Talent comes in all shapes and sizes, but some talents are a heck of a lot more useful than others. Hal’s particular gift? Talking to doors—a natural lead-in to an unglamorous career of locksmithing. What else would he do with himself when popping a lock comes as naturally to him as breathing? Other than burglary, of course. A guy’s gotta have some scruples.
Leave it to Hal to find someone locked in a five-story building without a single door leading to his prison. Sure, it’s probably a setup, and no, Hal doesn’t relish the idea of being played for a chump. The guy in the window is clearly accustomed to batting his eyelashes and getting his way. But if he really is stuck, Hal can’t just leave him high and dry.
Freeing him will merely involve outsmarting the gigantic tattooed bully that’s holding him hostage. How hard can it be?
This retelling of Rapunzel originally appeared in the anthology Torqued Tales.
Excerpt
My pager buzzed at my hip, and the readout showed its usual three digits, 911. That’s the “emergency” code used by my employer, A-1 Lockout. Melodramatic, if you ask me. I don’t actually deal with any life or death emergencies, but I figured I’d just generate a lot of hostility in the workplace by pointing that out. If someone standing on their doorstep an extra few minutes because they’d slammed the door shut with their keys on the coffee table was A-1’s idea of an emergency, then fine. I’d call it an emergency.
Fireman. Trauma surgeon. Police officer.
Locksmith.
Nope. I still wasn’t convinced that my line of work dealt with any actual emergencies.
The page routed me to an overpriced shopping district, and I found the customer: a thirty-something woman in a pink running suit with matching purse, nail polish and sneakers.

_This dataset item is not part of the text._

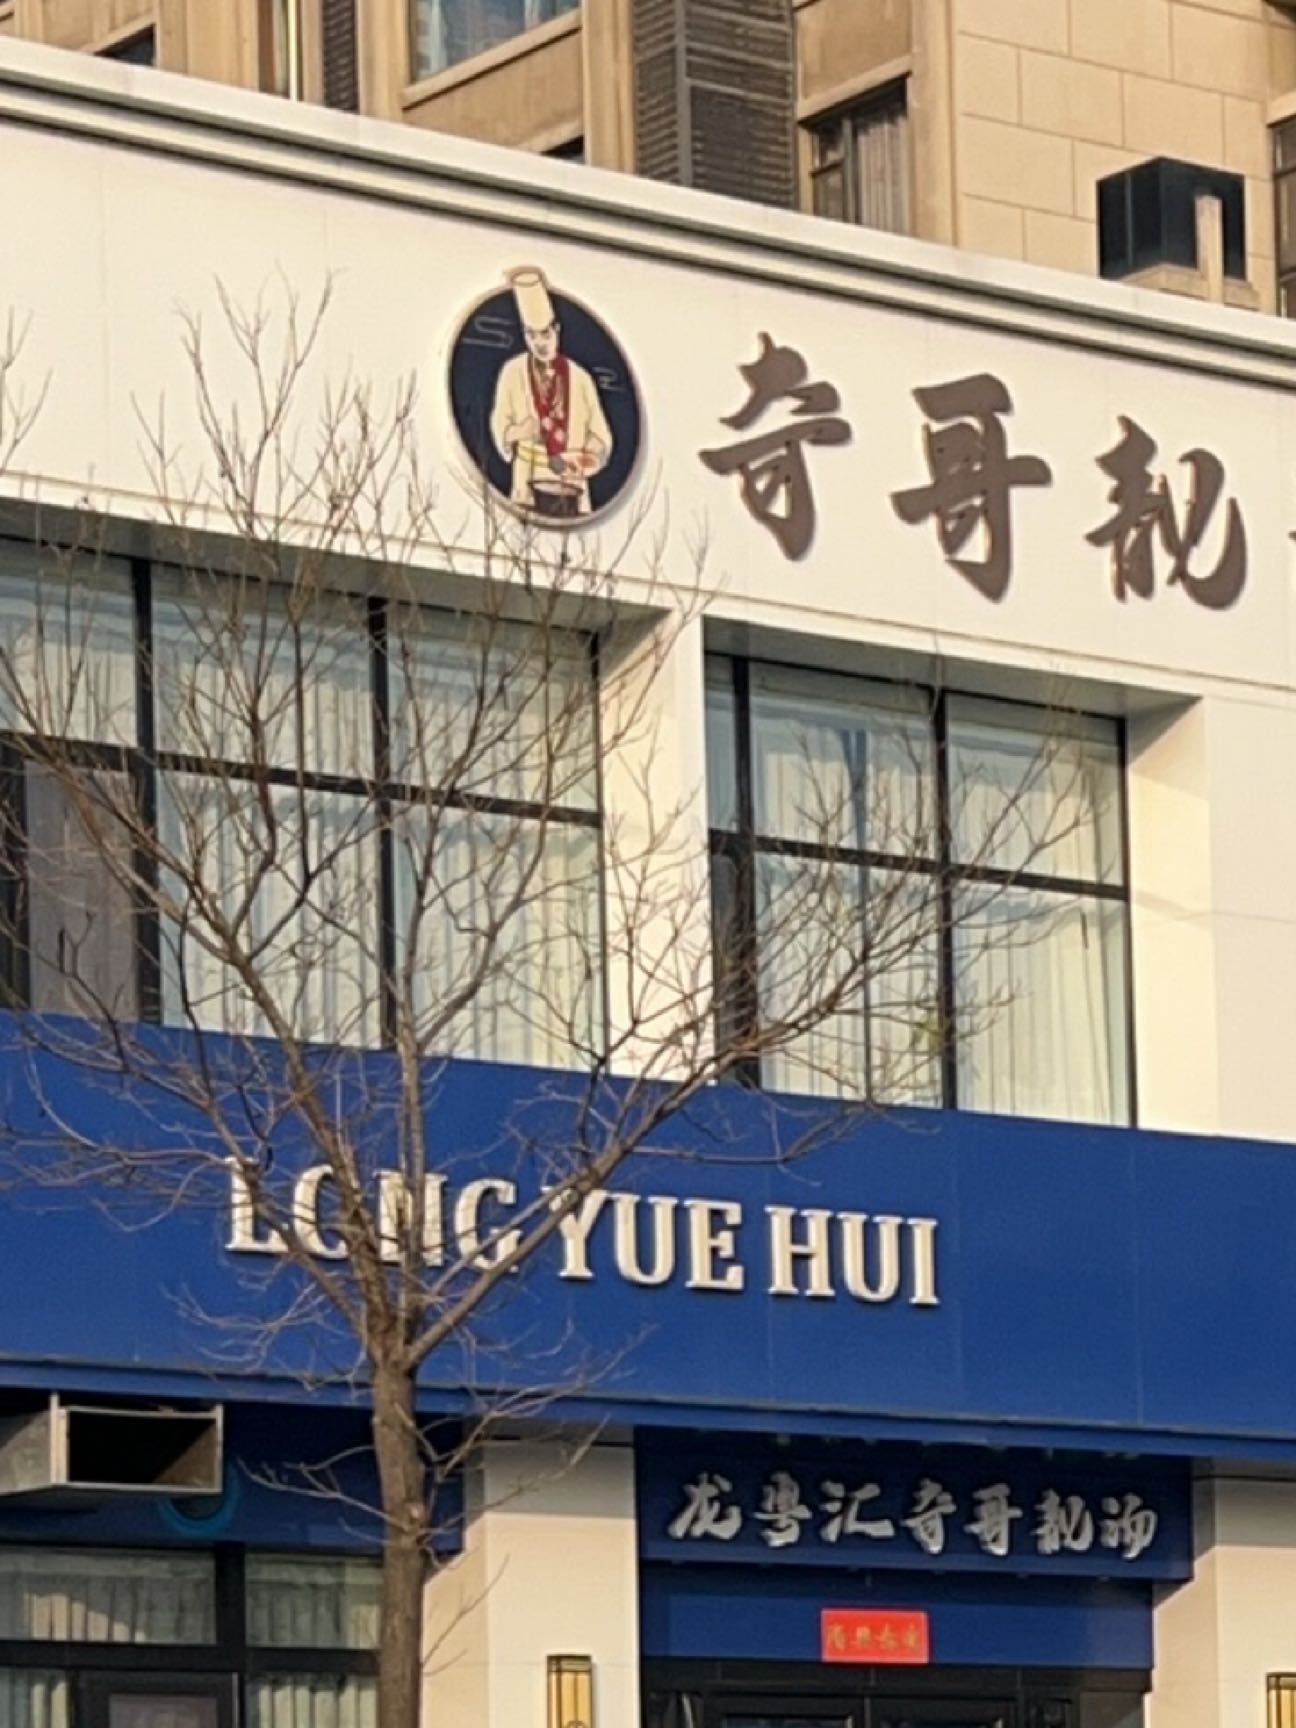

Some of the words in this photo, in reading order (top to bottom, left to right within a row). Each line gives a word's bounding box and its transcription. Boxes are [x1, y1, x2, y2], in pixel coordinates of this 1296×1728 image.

She appeared to be doing a rain dance around her minivan. I pulled up behind her, got out of the car, and greeted her professionally. Meaning, with as little disgust as I could manage to convey.
“Name’s Hal. You called for a locksmi—?”
“What took you so long? I called over an hour ago. My baby’s dying of carbon monoxide poisoning.”
The car was running with her kid wailing away, red-faced, strapped in the car seat. I would’ve been a little more concerned about the carbon monoxide if the baby had been asleep.
Oh. And it had only been about twenty-five minutes, half an hour, tops. I’d come as soon as the office paged me, and they’re always on top of these things. If I were able to teleport, I wouldn’t be working for A-1 Lockout, I can tell you that much.
I ignored the frantic woman and focused on her car door instead. I kept a couple of tools with me because I’ve figured out that people get spooked when they realize that I’m not using mechanical means to open their doors, but when they think I’ve done it with the aid of a screwdriver, they’re all smiles.
Not that I’m a threatening guy or anything. Sure, I’m big, but it’s more the idea that I could use my talent to maybe break into their houses that makes people nervous.
So I play the part of the handyman to the hilt in the navy work pants and the matching jacket with “Hal” embroidered over the pocket. And being an average guy with an average talent, wearing a uniform suited me just fine. Most people also don’t suspect that we mechanical types might be gay, and that also suited me just fine. I’m a very private person.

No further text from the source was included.